De los 35 reactivos que tiene el estudio que ha publicado Transparencia Mexicana, donde más florecen las anomalías de nuestra Ciudad es en la intervención de los Agentes de Vialidad cuando los ciudadanos tratan de evitar que lleven su auto al corralón o para sacarlo de él. En una escala de 0 a 100, esta mención tiene un 79.4 de calificación en 2005. Estacionar el vehículo en lugares controlados por personas (franeleros) que se apoderan de ellos, tiene la segunda mención con un 73.5, y evitar ser infraccionado por un agente de vialidad tiene la tercera peor calificación con un 70.6. Una de las conclusiones es que los peores índices de corrupción los tiene la ciudad de México por temas que tienen que ver con la vía pública, vialidades, tránsito. Una buena decisión a que debemos obligar al gobierno capitalino es a que tome medidas en ésta materia para ir reduciendo los índices de corrupción en la Ciudad.

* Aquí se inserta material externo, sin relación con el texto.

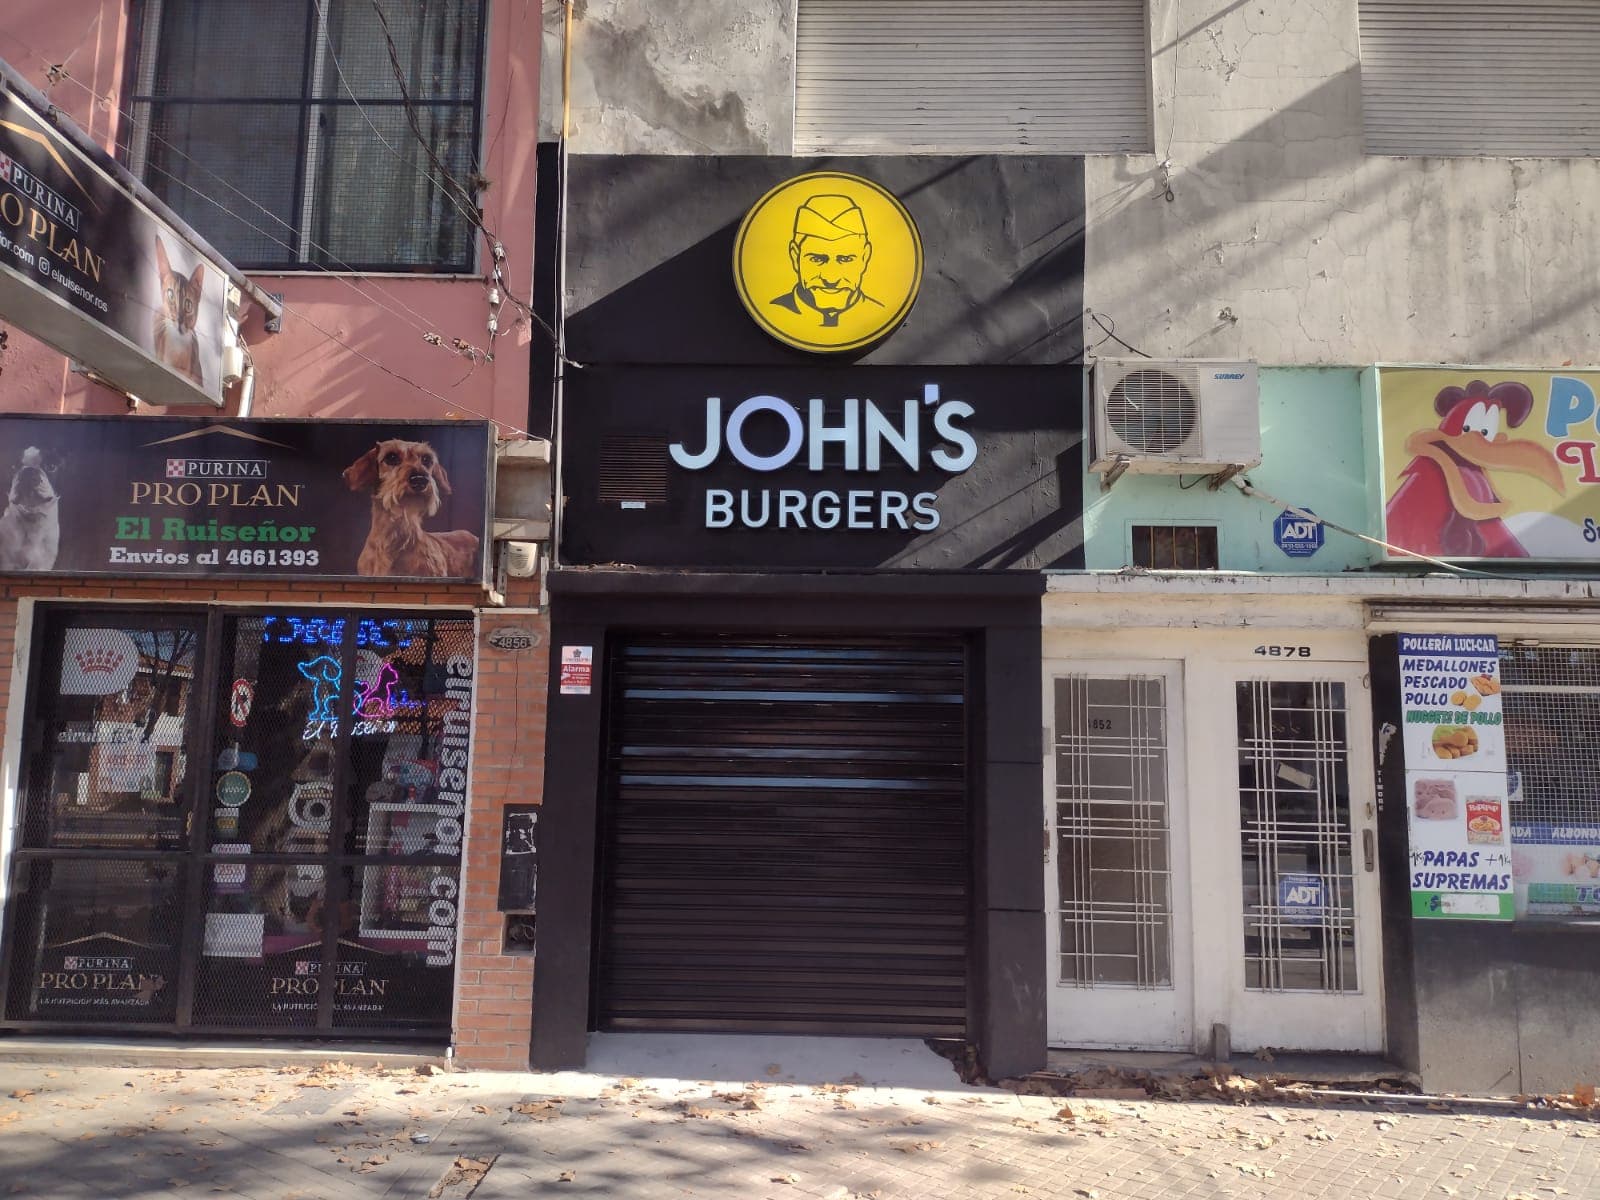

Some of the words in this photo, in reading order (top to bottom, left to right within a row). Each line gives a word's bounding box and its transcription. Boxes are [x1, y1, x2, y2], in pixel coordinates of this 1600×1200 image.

[12, 164, 75, 227] PURINA
[0, 192, 24, 226] O
[27, 207, 102, 283] PLAN
[0, 230, 34, 266] or.com
[1545, 376, 1600, 438] P
[668, 383, 978, 474] JOHN'S
[187, 461, 263, 477] PURINA
[130, 482, 202, 506] PRO
[207, 483, 301, 507] PLAN
[705, 489, 942, 532] BURGERS
[114, 516, 151, 540] El
[161, 517, 318, 543] Ruiseñor
[1281, 521, 1317, 540] ADT
[1583, 517, 1600, 543] S
[109, 546, 190, 566] Envios
[196, 549, 220, 566] al
[225, 549, 320, 567] 4661393
[1254, 645, 1311, 658] 4878
[1402, 635, 1453, 652] POLLERÍA
[1454, 638, 1496, 653] LUCI-CAR
[562, 664, 591, 674] Alarma
[1402, 658, 1497, 674] MEDALLONES
[1404, 675, 1468, 690] PESCADO
[1404, 692, 1449, 706] POLLO
[1087, 719, 1112, 731] 852
[1405, 709, 1454, 725] NUGGETS
[1454, 711, 1469, 725] DE
[1469, 711, 1503, 726] POLLO
[1422, 850, 1480, 868] PAPAS
[1412, 871, 1511, 891] SUPREMAS
[1285, 886, 1319, 905] ADT
[77, 957, 129, 969] PURINA
[310, 962, 362, 974] PINA
[40, 972, 88, 989] PRO
[270, 977, 320, 995] PRO
[333, 978, 389, 996] LAN
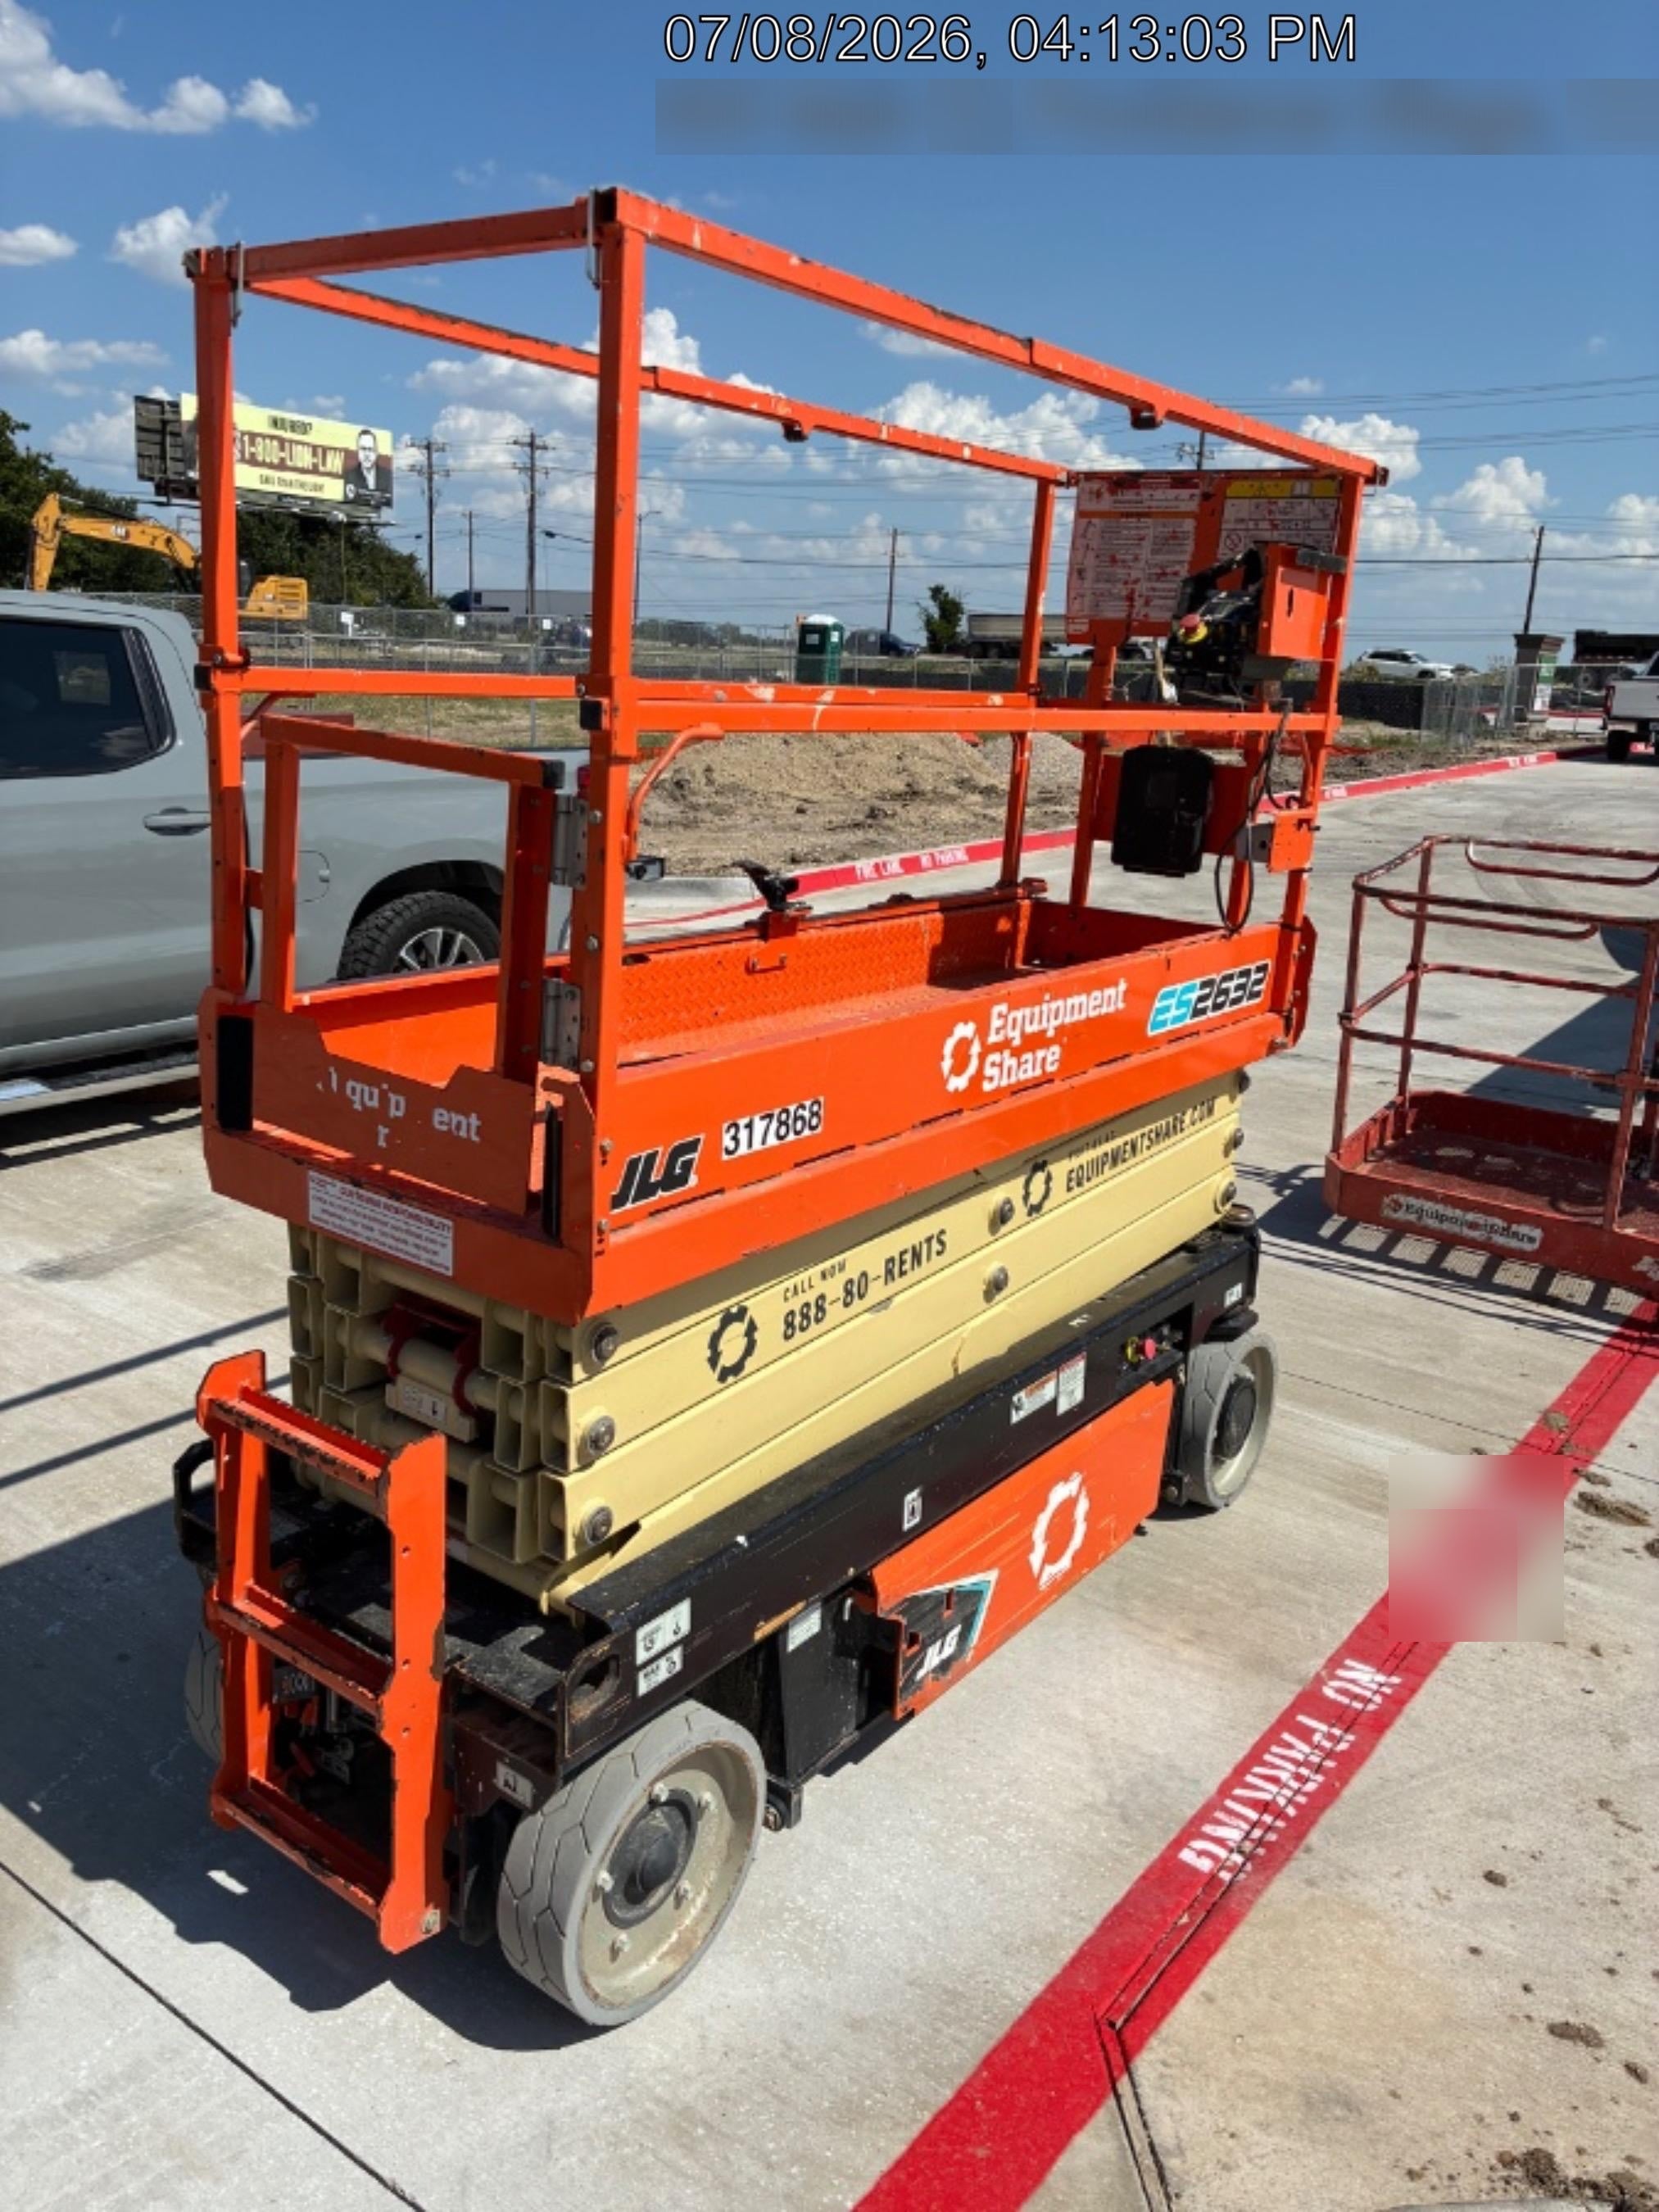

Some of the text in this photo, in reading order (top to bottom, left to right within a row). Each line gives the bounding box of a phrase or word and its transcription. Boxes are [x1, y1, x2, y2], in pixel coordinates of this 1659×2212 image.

A los Mexicanos la corrupción nos cuesta 19 mil millones de pesos al año, un promedio de 177.40 pesos que cada mexicano paga para sostener esta jugosa industria. Para los hogares de hasta 1 salario mínimo, este impuesto regresivo llega a representar el 24% de su ingreso. Independientemente de las consideraciones éticas, por el alto costo que representa, por ser algo que daña la competitividad, por el deterioro económico que representa para los hogares, hay que hacer algo.
La información que esperamos en enero o febrero no es de percepción, sino de realidades medidas con toda precisión. Lo que nos resta por hacer, es proponer acciones privadas y políticas públicas que vinculen la denuncia con el actuar ciudadano y la gestión de gobierno, de tal forma que podamos avanzar en hacer la vida privada y el quehacer público más eficiente y transparente.
Gracias a la información ya disponible sobre la corrupción en nuestro país, el gobierno federal, algunos gobiernos estatales y municipales han eliminado algunos trámites y han establecido algunas políticas que mejoran la gestión pública. De esta forma, con ciertos compromisos y una buena dosis de liderazgo se puede mejorar la calidad de vida de los ciudadanos.